REQUIRED WORK: Although the records contain pictures, none belong in the copy: restate word for word only the lines from the one with "this 1600×1200 image." through the one with "this 1980×1485 image.", both included.

[Dataset items]
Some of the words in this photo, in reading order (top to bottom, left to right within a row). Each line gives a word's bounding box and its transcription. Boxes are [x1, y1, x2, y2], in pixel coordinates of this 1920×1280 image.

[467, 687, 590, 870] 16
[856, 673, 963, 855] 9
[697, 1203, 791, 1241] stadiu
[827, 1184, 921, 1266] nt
---
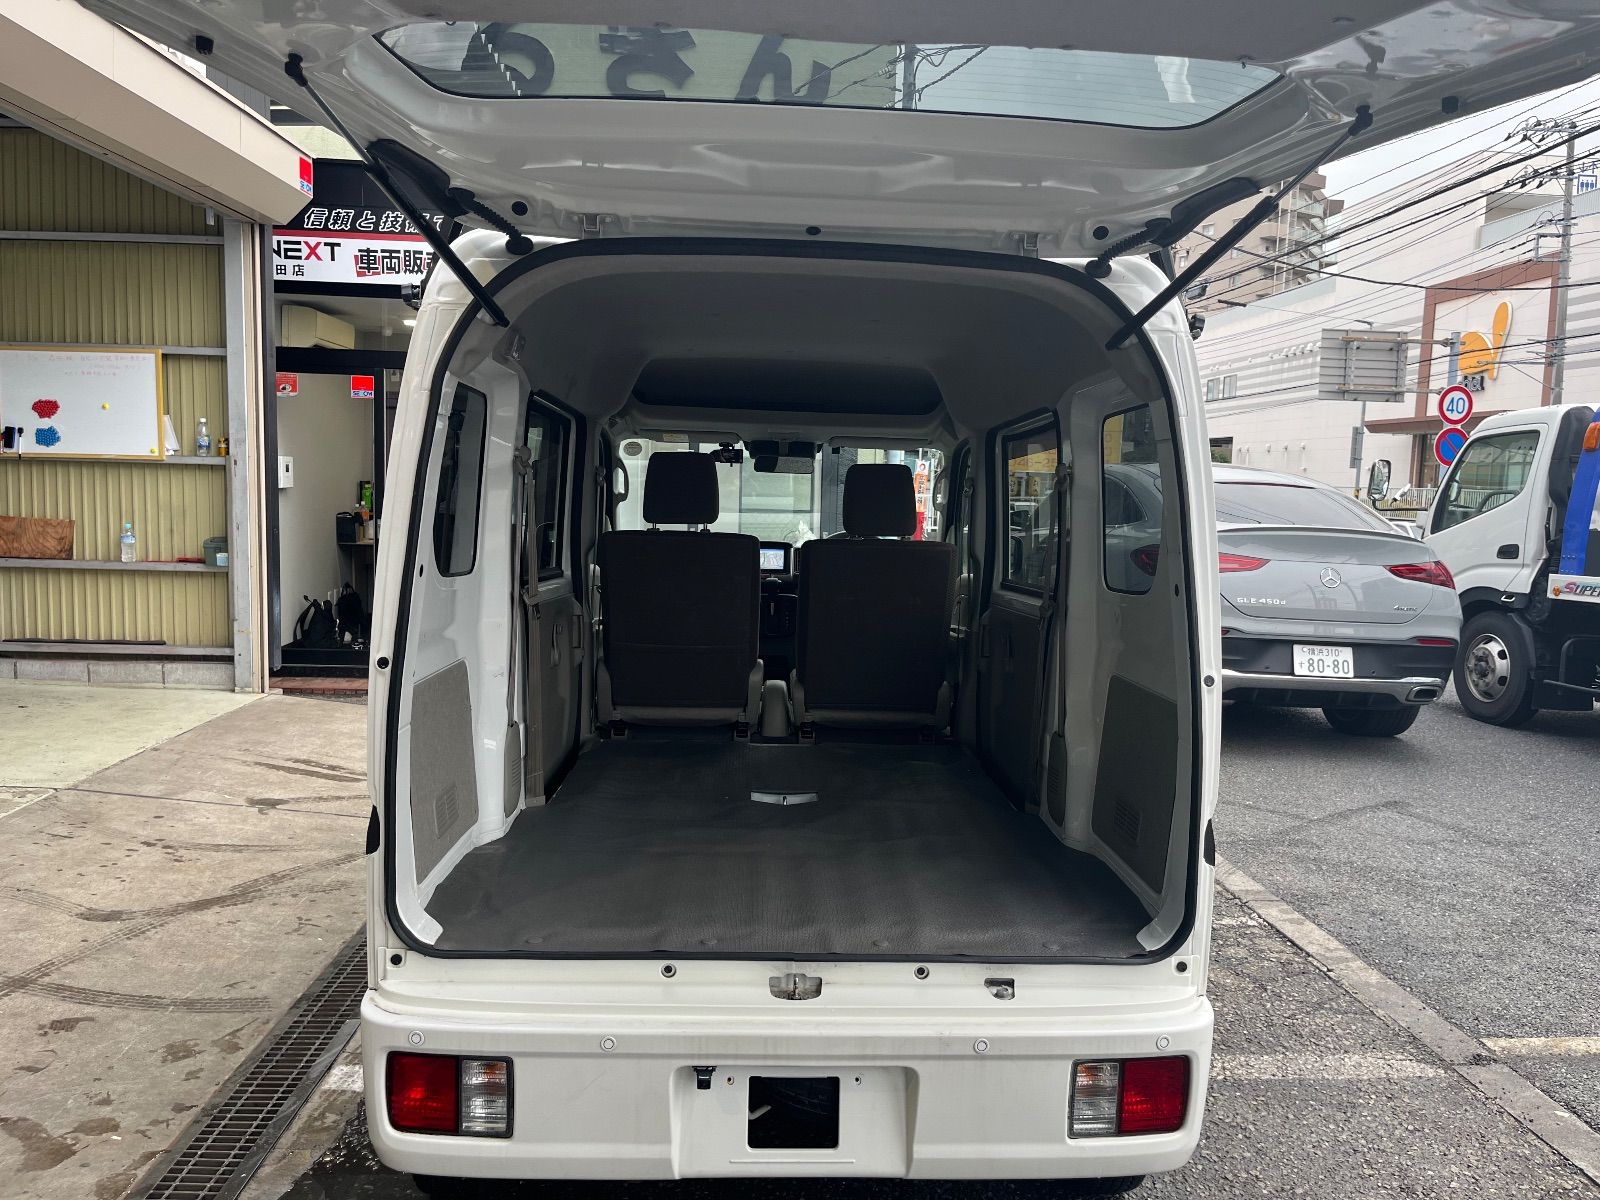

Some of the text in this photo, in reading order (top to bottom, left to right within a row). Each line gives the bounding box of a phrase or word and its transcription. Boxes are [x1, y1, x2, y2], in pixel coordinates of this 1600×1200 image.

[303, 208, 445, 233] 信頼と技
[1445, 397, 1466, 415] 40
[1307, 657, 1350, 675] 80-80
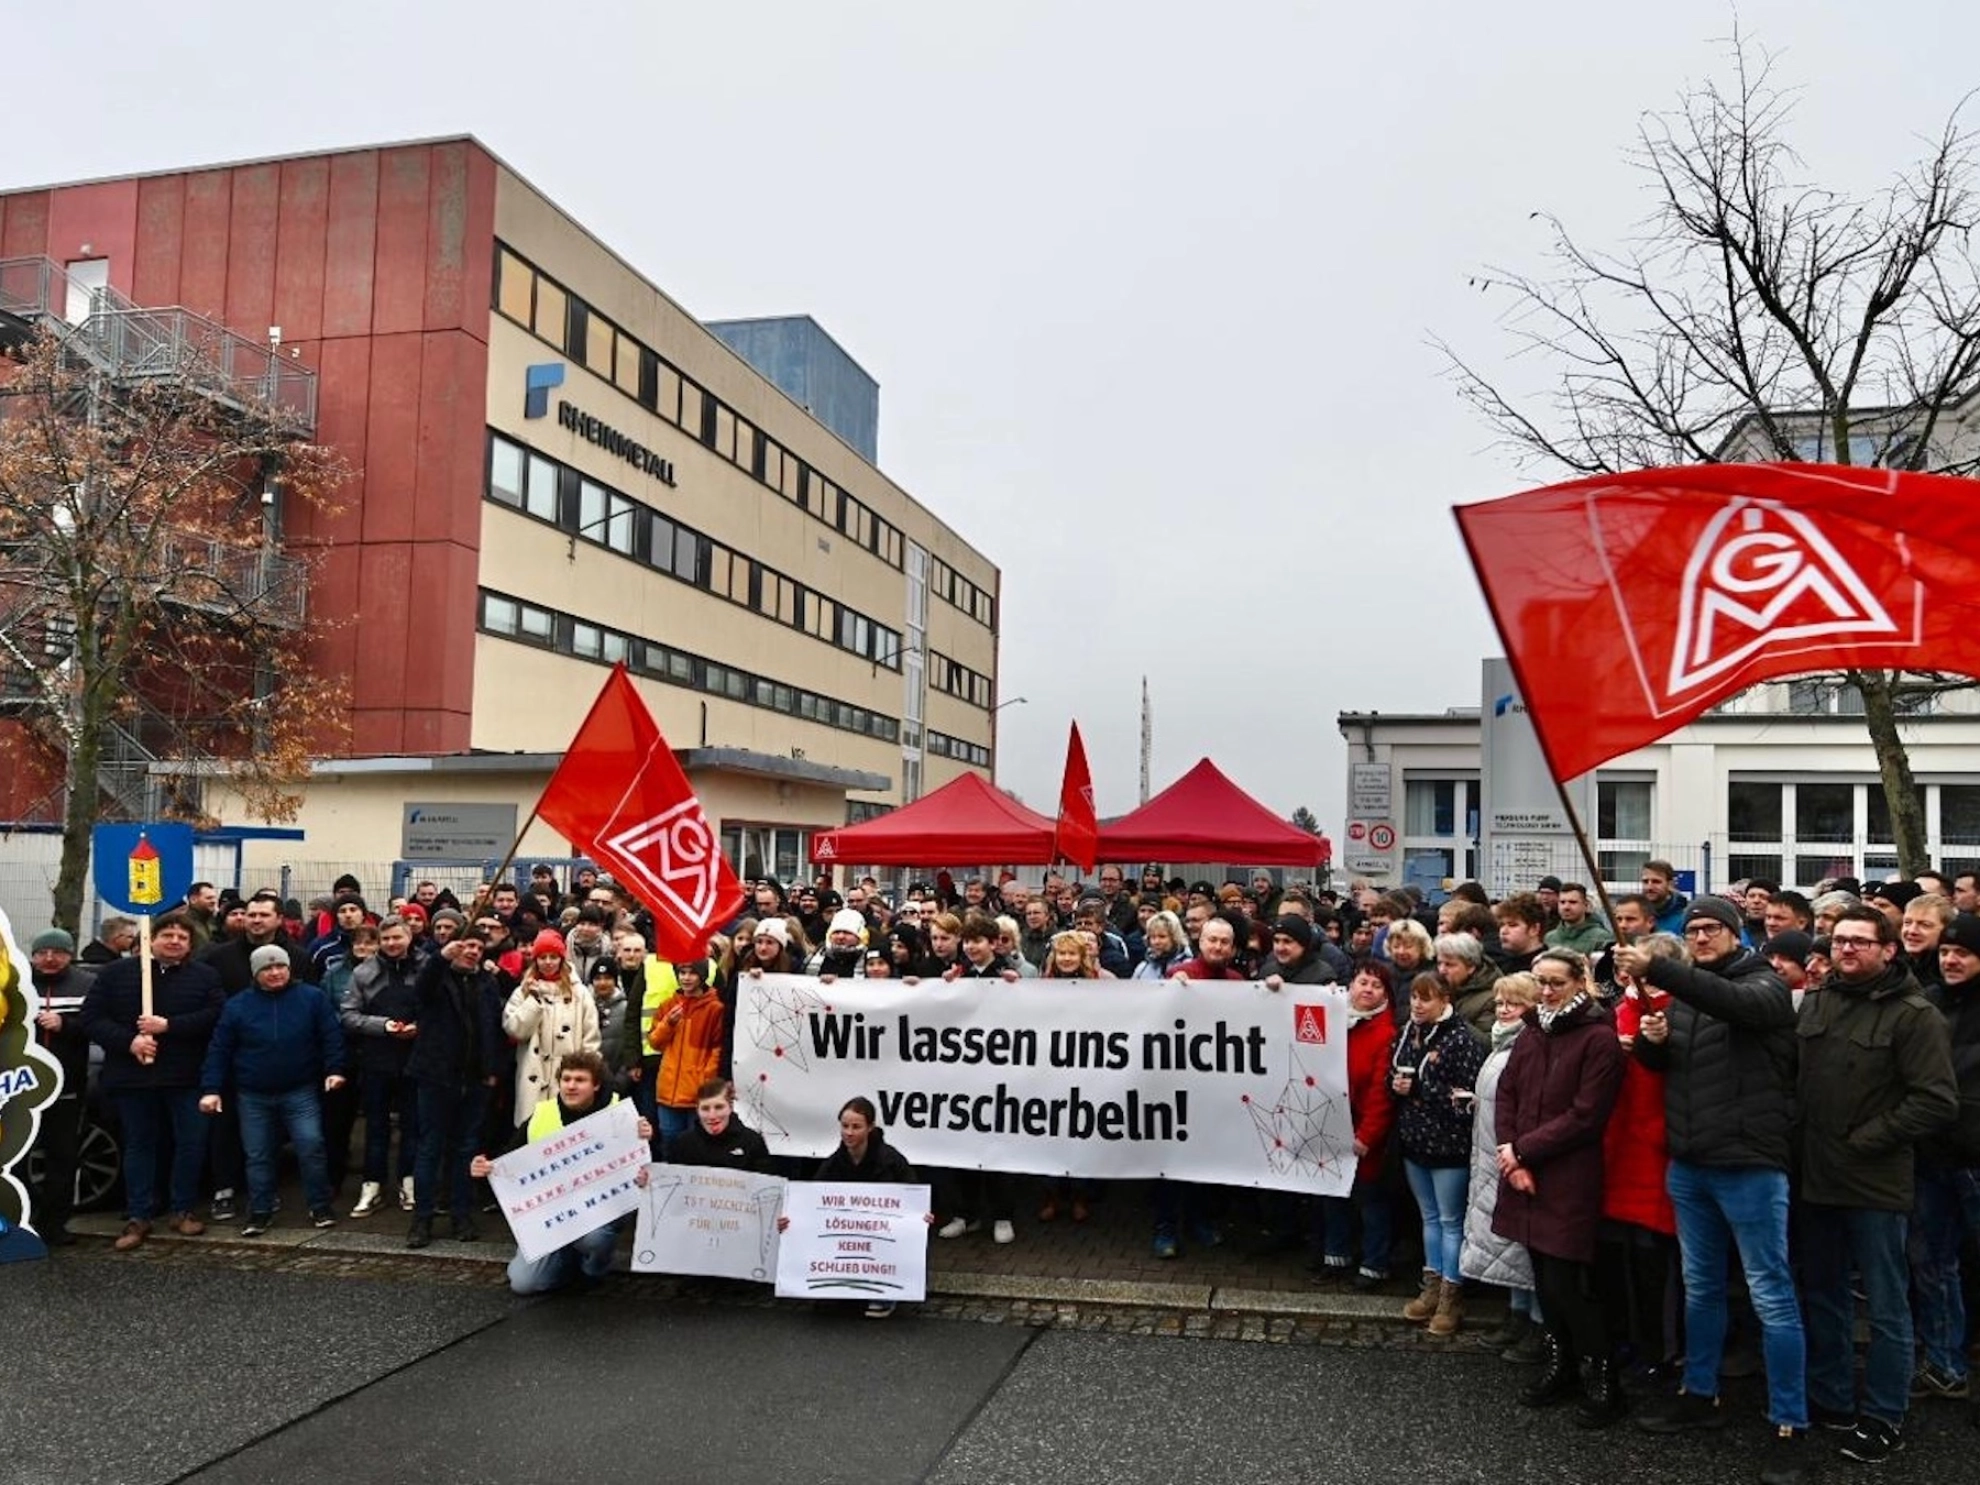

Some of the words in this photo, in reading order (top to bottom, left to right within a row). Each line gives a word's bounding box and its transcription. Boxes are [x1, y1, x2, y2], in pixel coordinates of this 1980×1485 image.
==
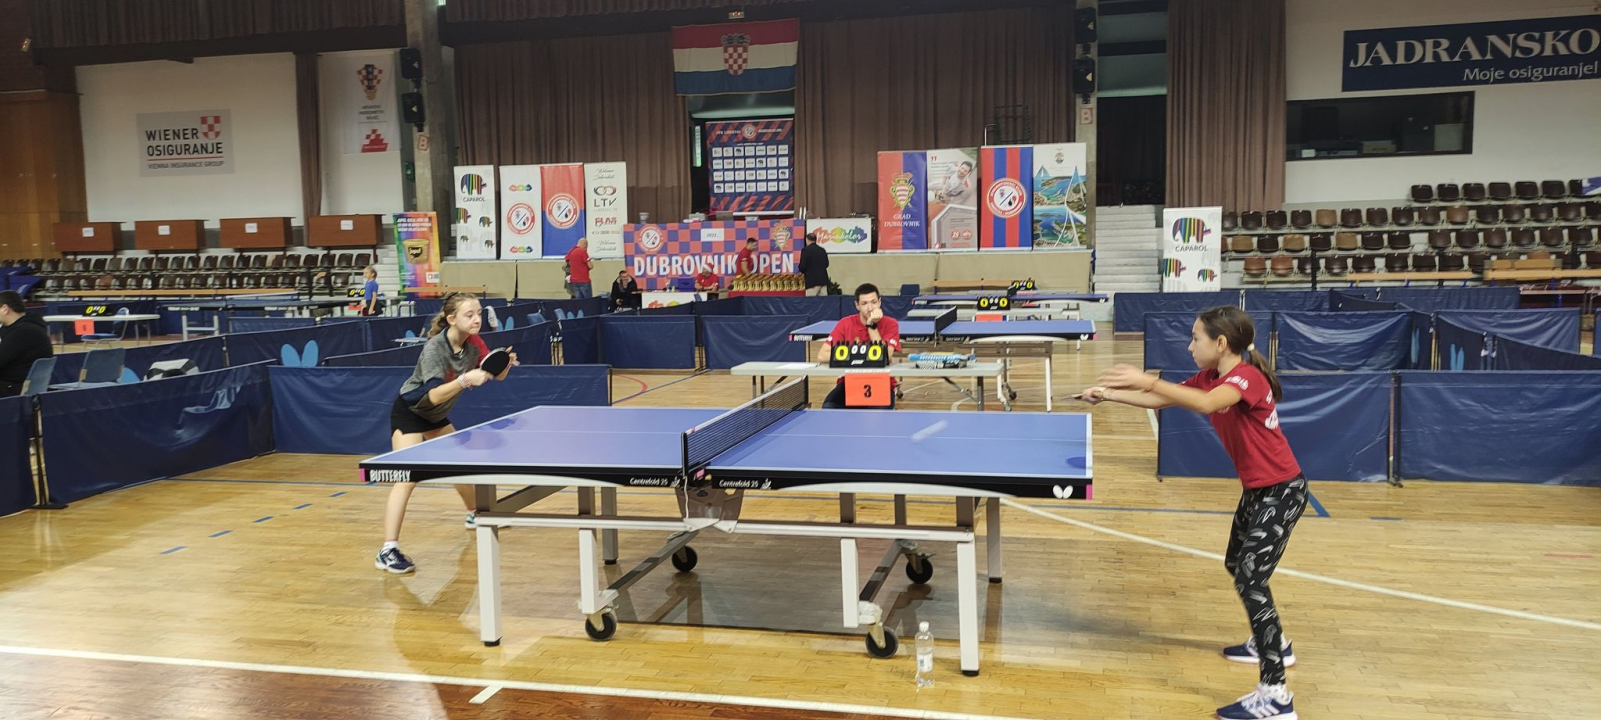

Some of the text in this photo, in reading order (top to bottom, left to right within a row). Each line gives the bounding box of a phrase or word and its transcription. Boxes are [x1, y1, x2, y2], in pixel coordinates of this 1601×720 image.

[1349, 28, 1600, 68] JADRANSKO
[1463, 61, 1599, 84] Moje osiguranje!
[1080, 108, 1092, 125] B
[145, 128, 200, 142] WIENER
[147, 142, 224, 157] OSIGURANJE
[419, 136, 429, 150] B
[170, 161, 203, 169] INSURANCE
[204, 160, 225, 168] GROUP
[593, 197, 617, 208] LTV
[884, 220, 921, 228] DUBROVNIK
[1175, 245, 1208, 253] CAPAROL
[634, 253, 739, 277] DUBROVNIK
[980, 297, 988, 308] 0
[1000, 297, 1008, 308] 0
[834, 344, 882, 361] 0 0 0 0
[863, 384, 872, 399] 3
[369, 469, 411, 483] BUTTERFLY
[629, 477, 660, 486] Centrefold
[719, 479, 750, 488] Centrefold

ANSWER SPACE:
Some of the text in this photo, in reading order (top to bottom, left to right within a row). Each line gives the bounding box of a phrase or word and its transcription. Boxes are [x1, y1, x2, y2], in pixel coordinates of this 1600×1200 image.

[303, 208, 445, 233] 信頼と技
[1445, 397, 1466, 415] 40
[1307, 657, 1350, 675] 80-80

Some of the words in this photo, in reading order (top to bottom, left to right within a row). Each line gives a word's bounding box and its transcription. Boxes are [x1, y1, x2, y2], in pixel coordinates of this 1980×1485 image.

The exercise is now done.